Dataset entries:
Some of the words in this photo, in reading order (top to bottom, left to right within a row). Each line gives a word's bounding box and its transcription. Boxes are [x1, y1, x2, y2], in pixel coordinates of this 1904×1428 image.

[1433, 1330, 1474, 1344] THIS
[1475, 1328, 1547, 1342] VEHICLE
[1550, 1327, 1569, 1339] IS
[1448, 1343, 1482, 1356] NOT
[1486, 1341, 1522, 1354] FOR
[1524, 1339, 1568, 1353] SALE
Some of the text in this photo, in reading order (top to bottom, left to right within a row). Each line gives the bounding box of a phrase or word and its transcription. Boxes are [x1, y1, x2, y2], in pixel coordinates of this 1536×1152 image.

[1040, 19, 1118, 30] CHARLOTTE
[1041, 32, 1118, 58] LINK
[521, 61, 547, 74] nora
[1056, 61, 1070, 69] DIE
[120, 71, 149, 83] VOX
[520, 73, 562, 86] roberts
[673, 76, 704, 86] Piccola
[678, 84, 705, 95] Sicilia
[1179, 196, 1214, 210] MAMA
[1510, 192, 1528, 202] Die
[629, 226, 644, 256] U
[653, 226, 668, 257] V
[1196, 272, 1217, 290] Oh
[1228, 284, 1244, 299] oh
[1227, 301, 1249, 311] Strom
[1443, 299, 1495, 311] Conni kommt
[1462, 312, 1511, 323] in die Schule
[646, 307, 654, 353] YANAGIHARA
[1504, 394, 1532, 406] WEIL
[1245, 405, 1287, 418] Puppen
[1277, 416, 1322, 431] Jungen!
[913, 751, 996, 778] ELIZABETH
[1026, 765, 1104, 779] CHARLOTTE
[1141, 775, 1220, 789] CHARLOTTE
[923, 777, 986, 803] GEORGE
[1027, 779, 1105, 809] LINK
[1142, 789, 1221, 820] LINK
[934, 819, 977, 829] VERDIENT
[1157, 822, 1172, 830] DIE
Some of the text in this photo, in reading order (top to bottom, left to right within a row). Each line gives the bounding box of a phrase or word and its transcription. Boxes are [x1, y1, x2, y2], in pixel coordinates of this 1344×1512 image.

▸ **TASK GOAL**: A verbatim copy of the records above should be returned.

▸ **FINAL ANSWER**:
Some of the words in this photo, in reading order (top to bottom, left to right within a row). Each line gives a word's bounding box and its transcription. Boxes are [x1, y1, x2, y2], in pixel coordinates of this 1904×1428 image.

[1433, 1330, 1474, 1344] THIS
[1475, 1328, 1547, 1342] VEHICLE
[1550, 1327, 1569, 1339] IS
[1448, 1343, 1482, 1356] NOT
[1486, 1341, 1522, 1354] FOR
[1524, 1339, 1568, 1353] SALE
Some of the text in this photo, in reading order (top to bottom, left to right within a row). Each line gives the bounding box of a phrase or word and its transcription. Boxes are [x1, y1, x2, y2], in pixel coordinates of this 1536×1152 image.

[1040, 19, 1118, 30] CHARLOTTE
[1041, 32, 1118, 58] LINK
[521, 61, 547, 74] nora
[1056, 61, 1070, 69] DIE
[120, 71, 149, 83] VOX
[520, 73, 562, 86] roberts
[673, 76, 704, 86] Piccola
[678, 84, 705, 95] Sicilia
[1179, 196, 1214, 210] MAMA
[1510, 192, 1528, 202] Die
[629, 226, 644, 256] U
[653, 226, 668, 257] V
[1196, 272, 1217, 290] Oh
[1228, 284, 1244, 299] oh
[1227, 301, 1249, 311] Strom
[1443, 299, 1495, 311] Conni kommt
[1462, 312, 1511, 323] in die Schule
[646, 307, 654, 353] YANAGIHARA
[1504, 394, 1532, 406] WEIL
[1245, 405, 1287, 418] Puppen
[1277, 416, 1322, 431] Jungen!
[913, 751, 996, 778] ELIZABETH
[1026, 765, 1104, 779] CHARLOTTE
[1141, 775, 1220, 789] CHARLOTTE
[923, 777, 986, 803] GEORGE
[1027, 779, 1105, 809] LINK
[1142, 789, 1221, 820] LINK
[934, 819, 977, 829] VERDIENT
[1157, 822, 1172, 830] DIE
Some of the text in this photo, in reading order (top to bottom, left to right within a row). Each line gives the bounding box of a phrase or word and its transcription. Boxes are [x1, y1, x2, y2], in pixel coordinates of this 1344×1512 image.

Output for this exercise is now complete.